With their frilly Hello Kitty sweaters and pleated mini skirts, you can probably hear them first before noticing their quirky fashion sense. Hear them in hallways, libraries or computer rooms usually speaking an Asian language or two (or a combo of both) with their other F.O.B friends, and most likely not in their inside voices. That’s because their “inside voice” used to have to carry itself in a classroom of 40+ pupils. I know they no longer come in boats, but fresh off the plane is what you say to explain your disheveled appearance to whoever happens to be picking you up from the airport. Note that it’s not about how long it’s been since they’ve migrated into the country (my mother has lived in Australia for 15 years and is still a F.O.B), it’s more about whether they’ve decided to integrate into the local culture or instead continue the lifestyle they had as if they’d never left their home town. Let’s be honest, without F.O.Bs we would never have Chinatown.
2. The TB: Teenie Bopper.
They were born and raised with Nickelodeon and The O.C but for some reason during their teenage years, they’ve bypassed the Seth Cohen look and opted instead for a character out of Dragonball-Z. They wear baggy pants and there’s one look they’re all trying to achieve: The Gangster Look. Big spiky hair with blonde/blue/red highlights are the first tell-tale signs of an Asian TB. The second is the other TBs around them.
3. The Banana.
Yellow on the outside, white on the inside. These are the Asians who usually went to a school with predominantly Caucasian kids and they found no way to fit in other than to push all their Asianness aside until there was nothing Asian left about them except their small eyes. They don’t know how to use chopsticks (or pretend not to), don’t like eating rice and avoid all places where Asians usually hangout. They drink more beer than bubble cup, which I personally think is the biggest loss for Bananas.
4. The Egg.
A reverse of the Asian Banana, the Egg is technically not an Asian, but kind of is too; they’re just white on the outside. They LOVE bubble tea, probably speak Chinese or another Asian language better than a real Asian and they’ll beat any Asian’s chopstick’s ass when it comes to swiping that last dumpling off the table. A rare form of its kind, usually the token egg is in a group of Asians, and is most likely under the spell of Yellow Fever and wished their parents would buy a rice cooker.
5. The Violet Crumble.
This one is for our South Asian brothers and sisters. We realize beneath it all we’re not all that different. Pushy parents, striving for good grades and having a complete disregard for sports (except cricket for you guys) makes us pretty much one in the same at recess.
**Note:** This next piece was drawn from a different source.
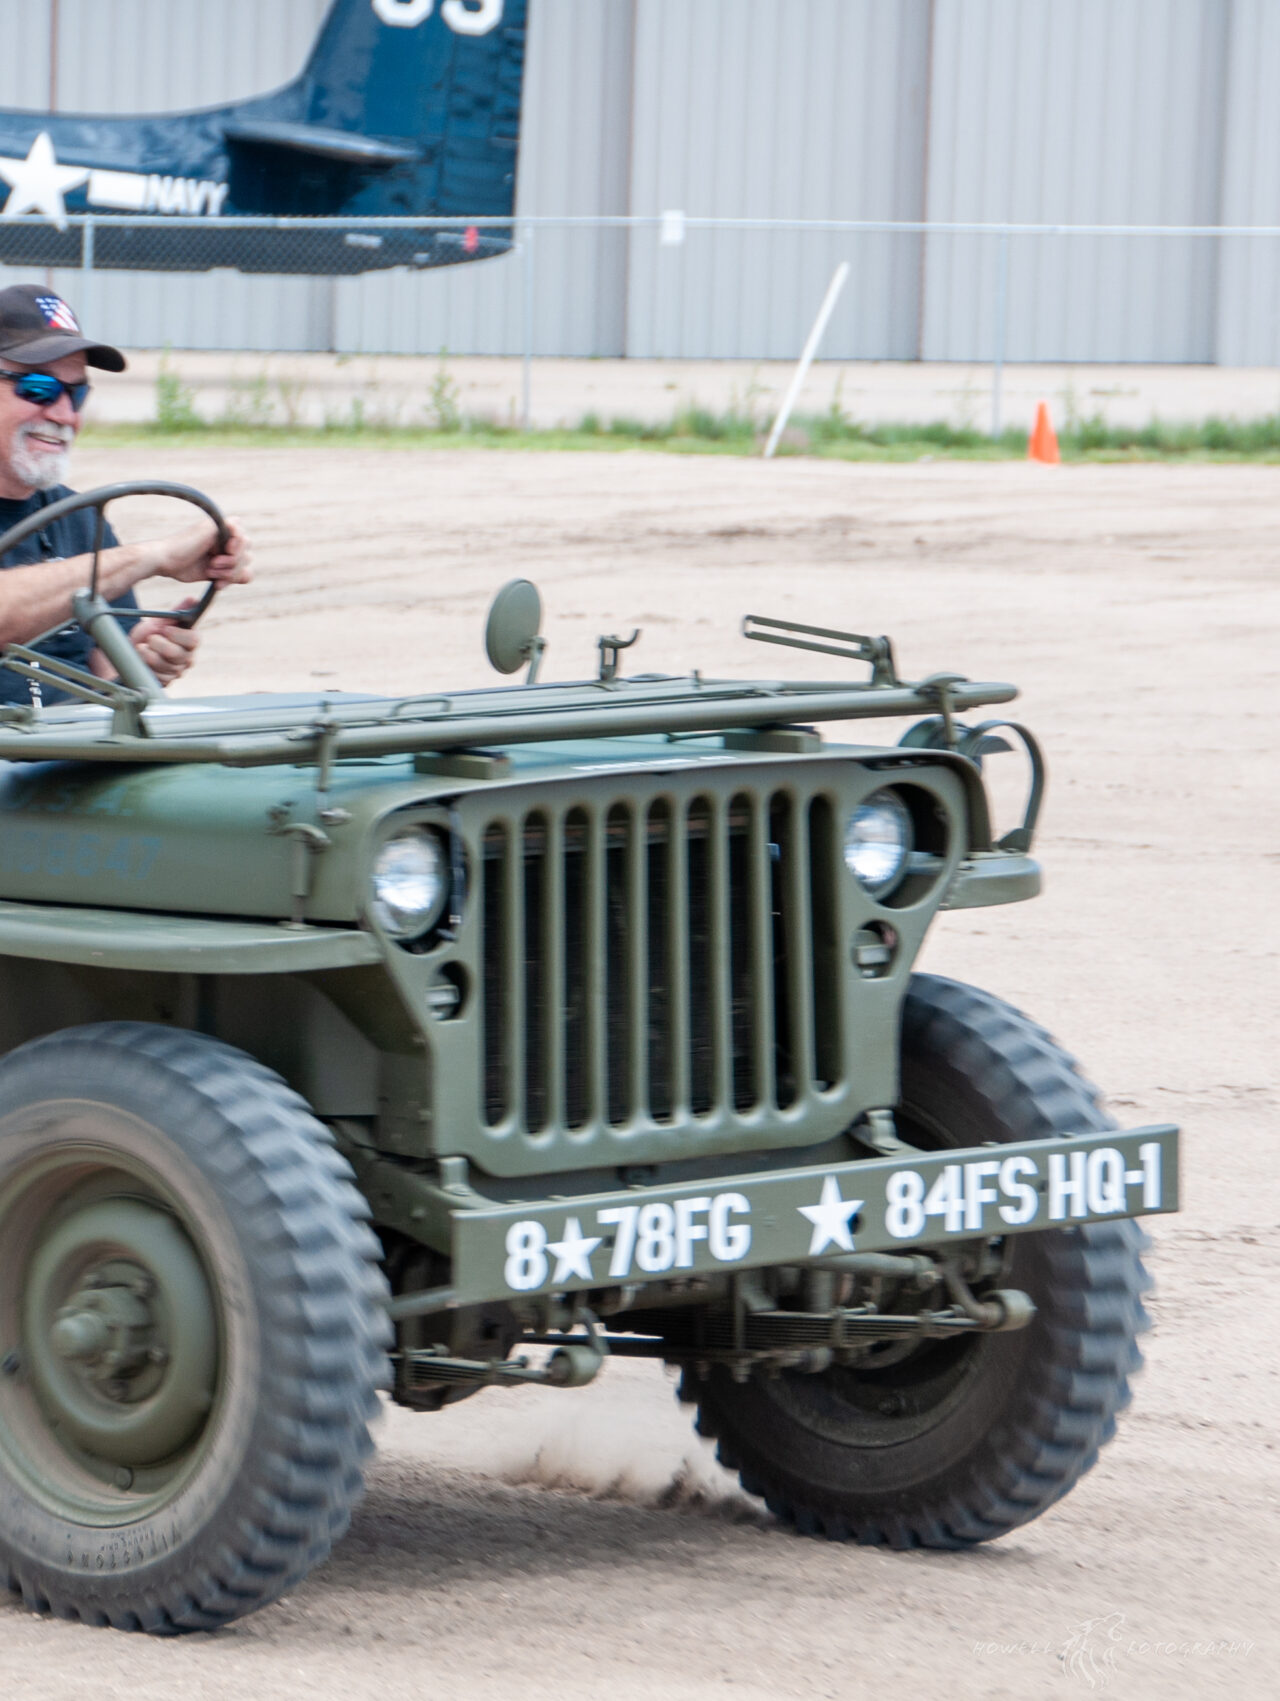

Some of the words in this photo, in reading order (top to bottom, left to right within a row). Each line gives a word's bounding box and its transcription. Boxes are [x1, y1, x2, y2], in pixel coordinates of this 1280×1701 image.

We both can laugh at Russell Peters and make racist jokes to one another without being labeled a racist. Win.
6. The Regular Asian.
This one just fulfills all your Asian stereotypes. Studies hard, wears glasses, plays at least one musical instrument, doesn’t play sports (except badminton), likes taro, red bean and sesame, knows how to order at Yum Cha and only speaks their mother tongue with their parents. Eats hotpot at social gatherings, and likely to have a bubble tea in hand when you meet up with him or her. Has identity crisis issues as he or she doesn’t identify with either being Australian or their ethnic background. Constantly gets asked “where are you really from?” by strangers when overseas and having to answer with another country other than Australia to avoid quizzical looks.
7. The Confused Asian.
Usually they’re straddling being a banana and a regular Asian. They typically have two groups of friends: the Asian group who plays card games at lunch time or their Caucasian group who plays sports in the school oval. They switch between groups every other day and can fit into both relatively well. They don’t know whether they prefer to date Caucasian or Asian although they know their parents want them to go Asian.